Figure 4 The root mean squared error (rmse, A) and mean log squared error (mlse, B) in test data are shown as functions of the numbers of predicted interactions in five-fold cross validations using linear regression models. Shades and lines indicate minimum/maximum values and means respectively. RMSEs greater than 1 indicate over-fitting. DREAM dataset 1 with 100 samples was used.

Lasso Bayesian Networks Do Not Need Accurate Prior Gene Ordering

Interestingly, the performance of lasso-based networks did not depend strongly on the prior ordering, as shown in the comparisons between lasso-findr and lasso-random in Figure 3, Figure 4, and Supplementary Figure S7. Further inspections revealed a high overlap of top predictions by lasso-findr and lasso-random Bayesian networks, particularly among their true positives (Figure 5). This suggests that lasso may be capable of prioritizing edges with correct directions, and allows us to still recover genuine interactions even if the prior gene ordering is not fully accurate.

FIGURE 5

Figure 5 The numbers of overlap and unique interactions (y axis) predicted by lasso-findr and lasso-random Bayesian networks as functions of the number of significant interactions in each network (x axis), on DREAM dataset 1. Positive and negative directions in y correspond to true and false positive interactions according to the gold standard.
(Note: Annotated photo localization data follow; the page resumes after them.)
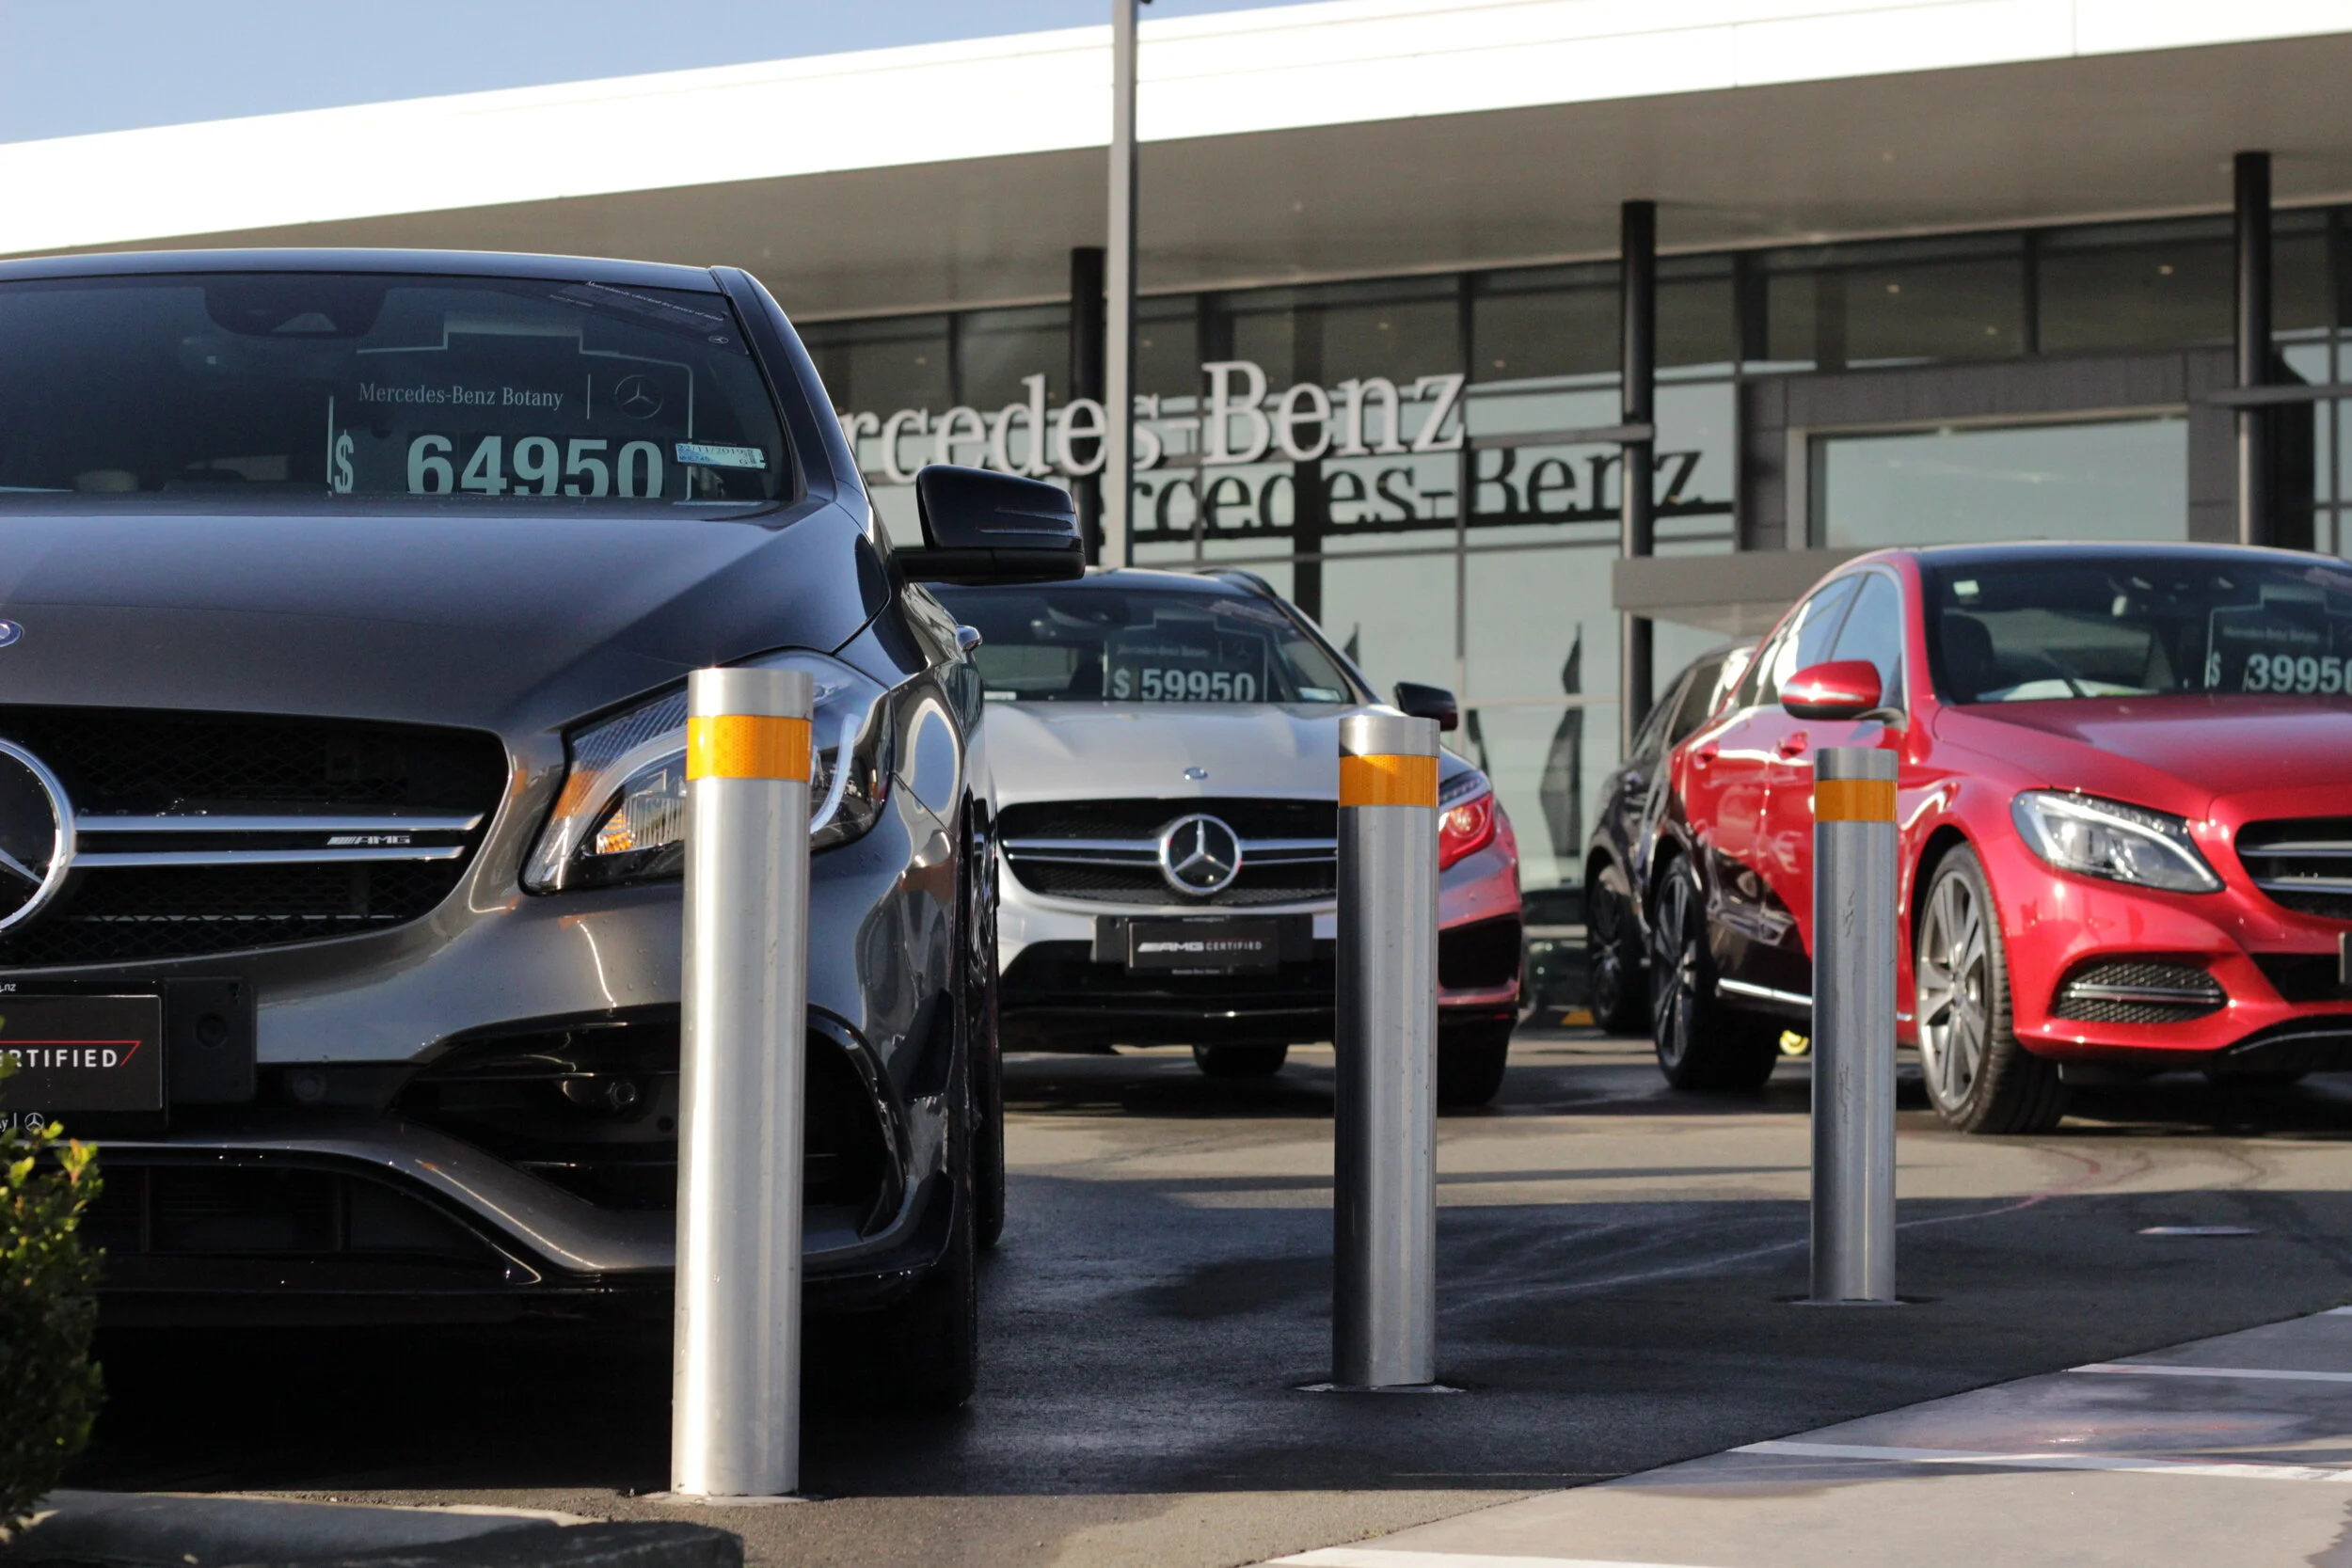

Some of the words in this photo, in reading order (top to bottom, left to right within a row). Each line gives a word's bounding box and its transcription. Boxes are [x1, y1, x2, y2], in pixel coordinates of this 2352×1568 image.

[358, 383, 496, 405] Mercedes-Benz
[502, 388, 564, 411] Botany
[334, 429, 354, 494] $
[407, 434, 663, 499] 64950
[1114, 667, 1131, 700] $
[1141, 668, 1256, 702] 59950
[354, 834, 411, 845] AMG
[1158, 942, 1205, 953] AMG
[1205, 942, 1263, 951] CERTIFIED
Lasso Bayesian Networks Mistake Confounding as False Positive Interactions

We then tried to understand the differences between lasso and Findr based Bayesian networks, by comparing three types of gene relations in DREAM dataset 1, both among genes with a cis-eQTL in Figure 6A, and when also including genes without any cis-eQTL as only targets in Figure 6B. Both findr and lasso-findr showed good sensitivity for the genuine, direct interactions. However, when two otherwise independent genes are directly confounded by another gene, lasso tends to produce a false positive interaction, but not findr. As expected, to achieve optimal predictive performance, lasso regression cannot distinguish the confounding by a gene that is either unknown or ranked lower in the DAG.

FIGURE 6

Figure 6 The significance score of findr (posterior probability; x-axis) and in lasso-findr (-log P-value; y-axis) for direct true interactions (red), directly confounded gene pairs (cyan), and other, unrelated gene pairs (black) on DREAM dataset 1; in (A) only genes with cis-eQTLs are considered as regulator or target, whereas in (B) targets also include genes without cis-eQTLs. Higher scores indicate stronger significances for the gene pair tested.
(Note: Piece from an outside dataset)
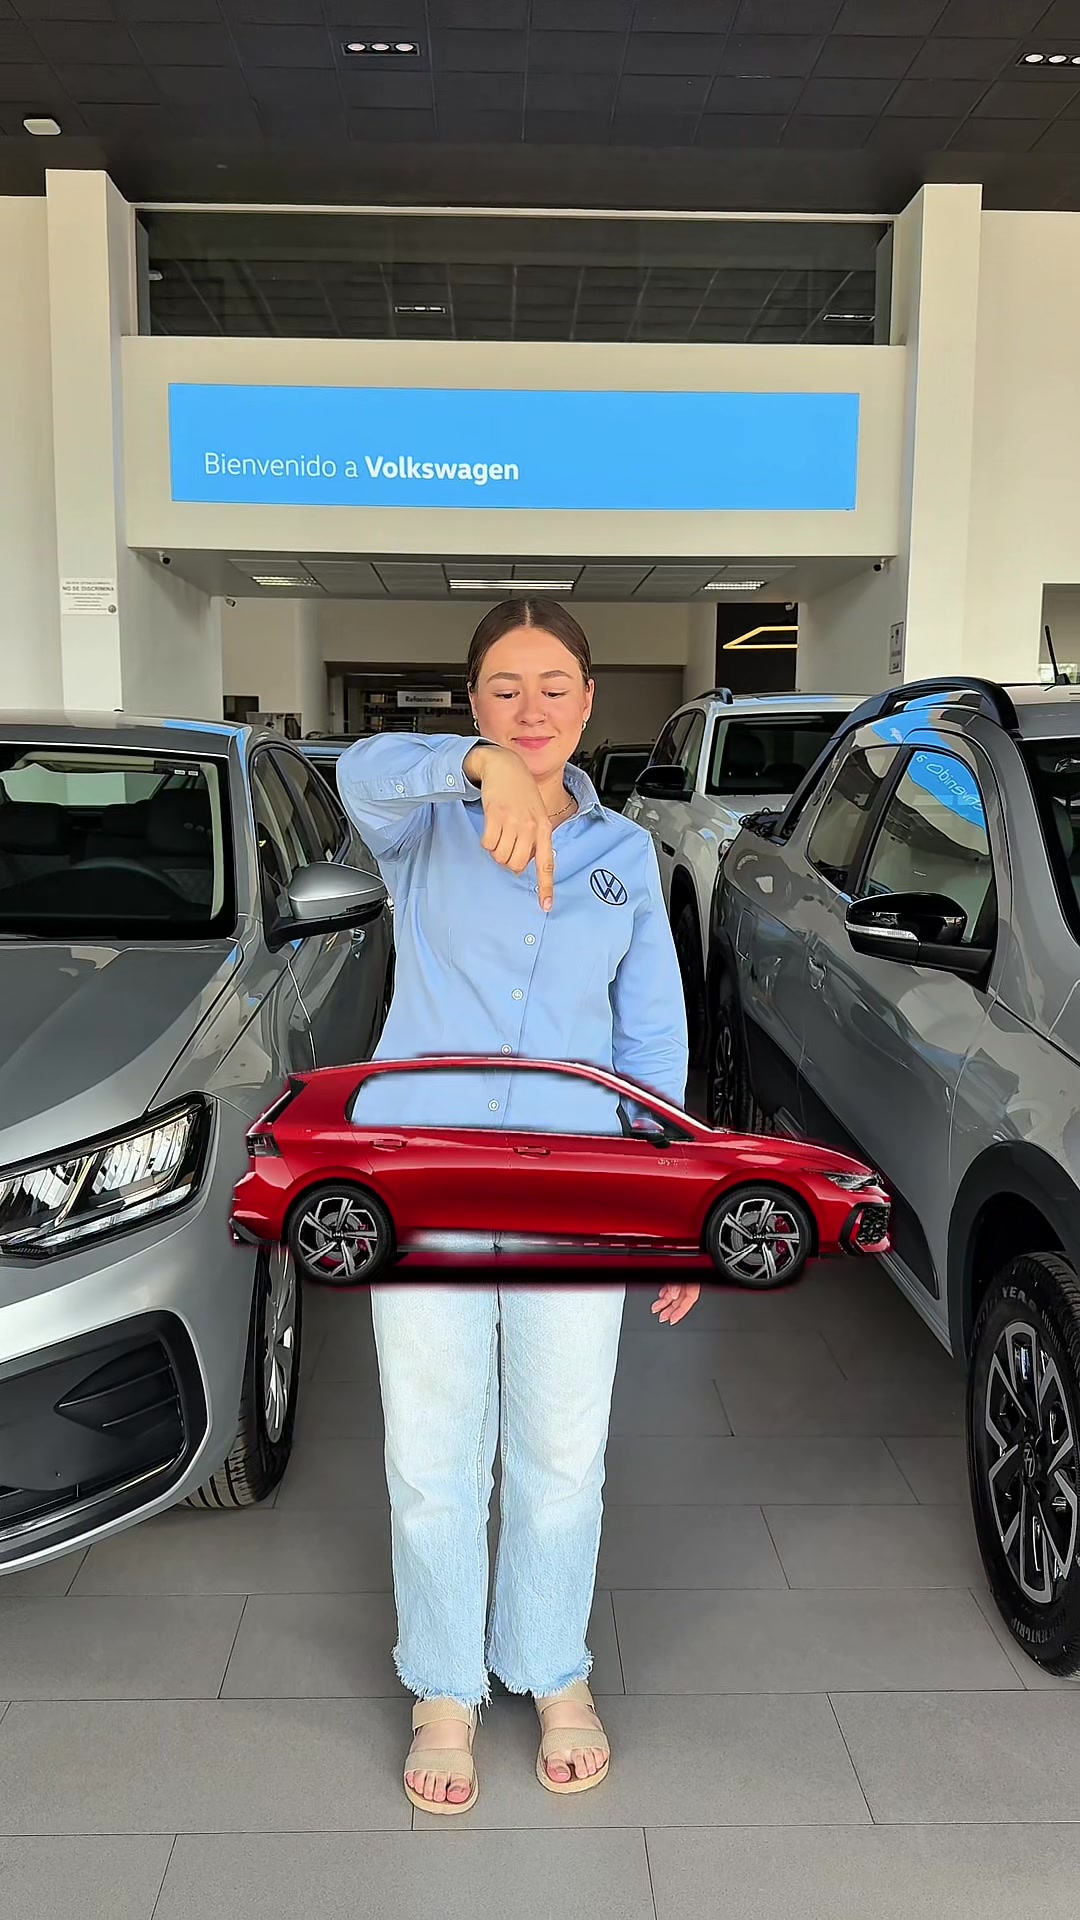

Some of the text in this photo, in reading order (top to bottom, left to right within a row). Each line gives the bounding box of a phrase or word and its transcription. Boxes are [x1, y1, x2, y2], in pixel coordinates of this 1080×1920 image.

[204, 452, 520, 486] Bienvenido a Volkswagen
[405, 695, 444, 703] Refacciones
Findr and Lasso Bayesian Network Inference Is Highly Efficient

The findr and lasso Bayesian networks required much less computation time compared to the bnlearn Bayesian networks, therefore allowing them to be applied on much larger datasets. To infer a Bayesian network of 230 genes from 100 samples in DREAM dataset 1, Findr required less than a second, lassopv around a minute, but bnlearn Bayesian networks took half an hour to half a day (Table 1). Moreover, since bnlearn only produces binary Bayesian networks, multiple recomputation is necessary to acquire the desired network sparsity.

TABLE 1

Table 1 Timings for different Bayesian network inference methods/programs.
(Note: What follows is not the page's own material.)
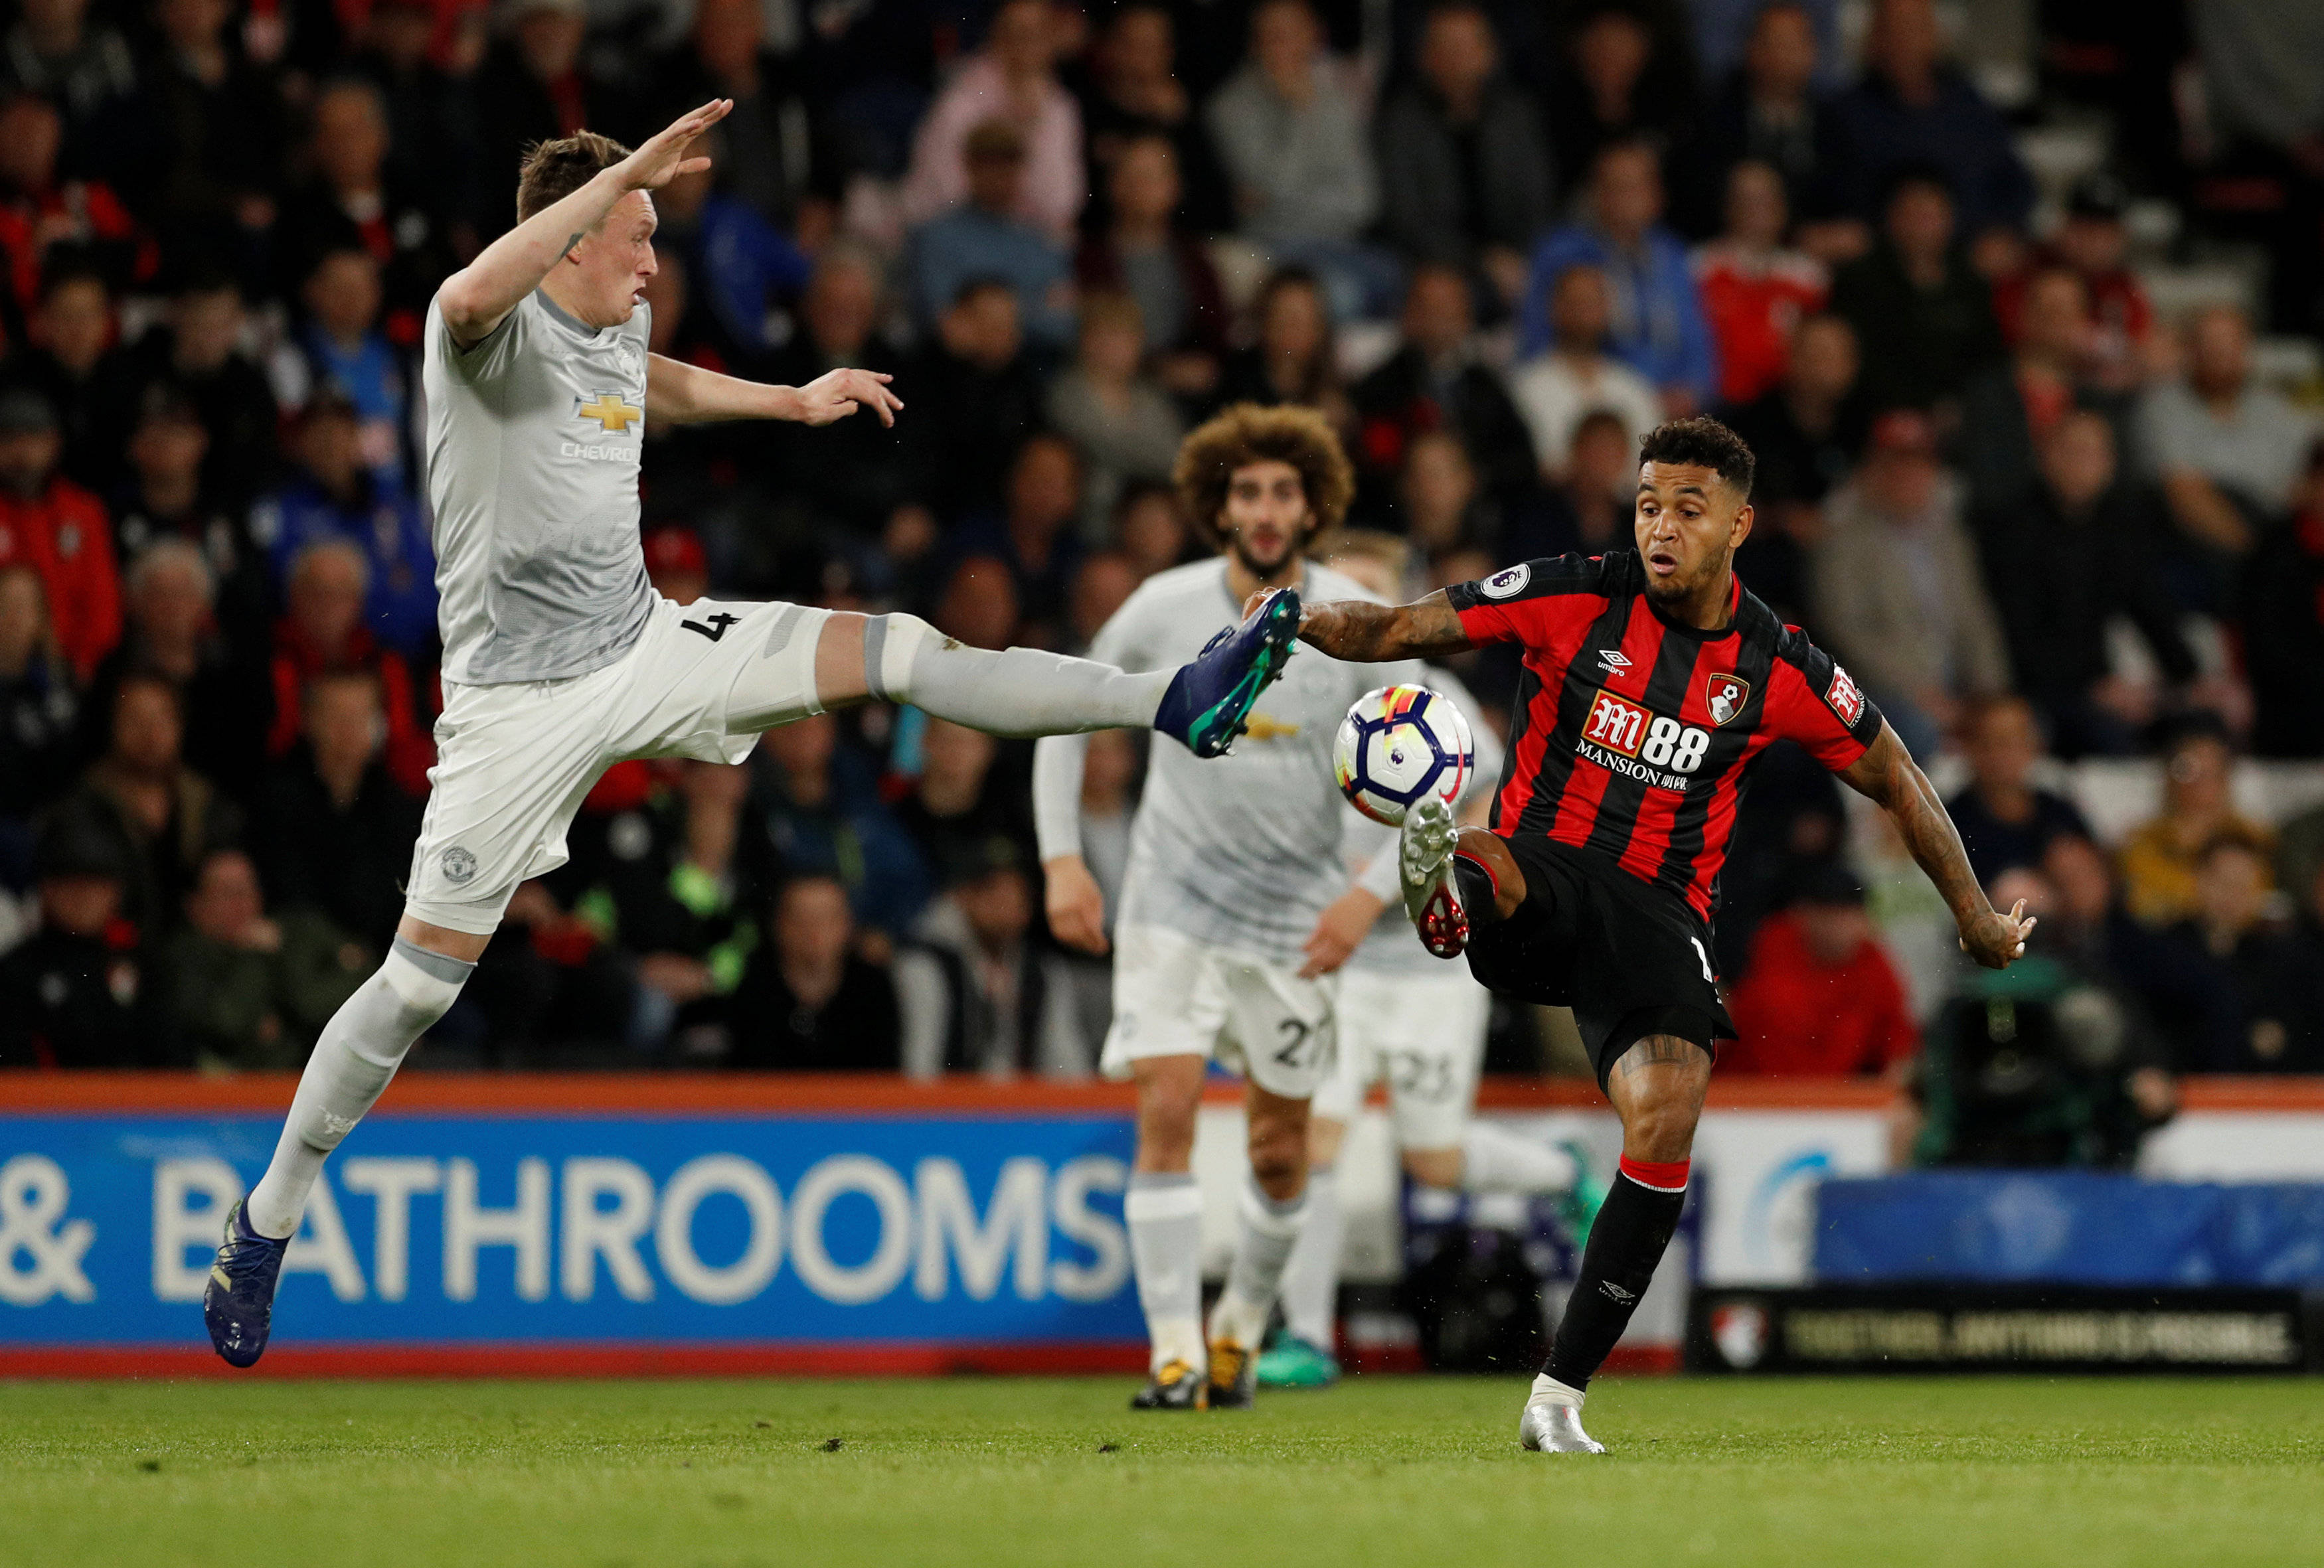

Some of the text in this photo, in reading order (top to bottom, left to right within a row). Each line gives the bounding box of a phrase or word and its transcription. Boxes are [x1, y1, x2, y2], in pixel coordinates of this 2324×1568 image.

[680, 611, 743, 643] 4
[1598, 661, 1625, 677] umbro
[1575, 738, 1662, 786] MANSION
[0, 1154, 1129, 1306] & BATHROOMS
Results on the Geuvadis Dataset Reaffirm Conclusions From Simulated Data

To test whether the results from the DREAM data also hold for real data, we inferred findr and lasso-findr Bayesian networks from the Geuvadis data using both real and random causal priors (see Methods); conventional bnlearn-based network inference was attempted, but none of the restarts could complete within 1000 min.

Lasso-findr Bayesian networks were previously shown to provide ideal FDR control on this dataset (Wang and Michoel, 2017b), whereas findr Bayesian networks did not obtain a satisfying FDR control (Supplementary Figure S8). We believe this is due to the reconstruction of the node ordering, which interferes with the FDR control in pairwise causal inference. On the other hand, and again consistent with the DREAM data, findr Bayesian networks obtained superior results for the recovery of known transcriptional regulatory interactions inferred from ChIP-sequencing data (Figures 7A, B); neither method predicted TF targets inferred from siRNA silencing with high scores or accuracy better than random (Figure 7C).

FIGURE 7

Figure 7 Precision-recall curves for Bayesian networks reconstructed from the Geuvadis dataset for three groundtruth networks: DNA-binding of 20 TFs in GM12878 (A), DNA-binding of 14 TFs in five ENCODE cell lines (B), and siRNA silencing of six TFs in GM12878 (C).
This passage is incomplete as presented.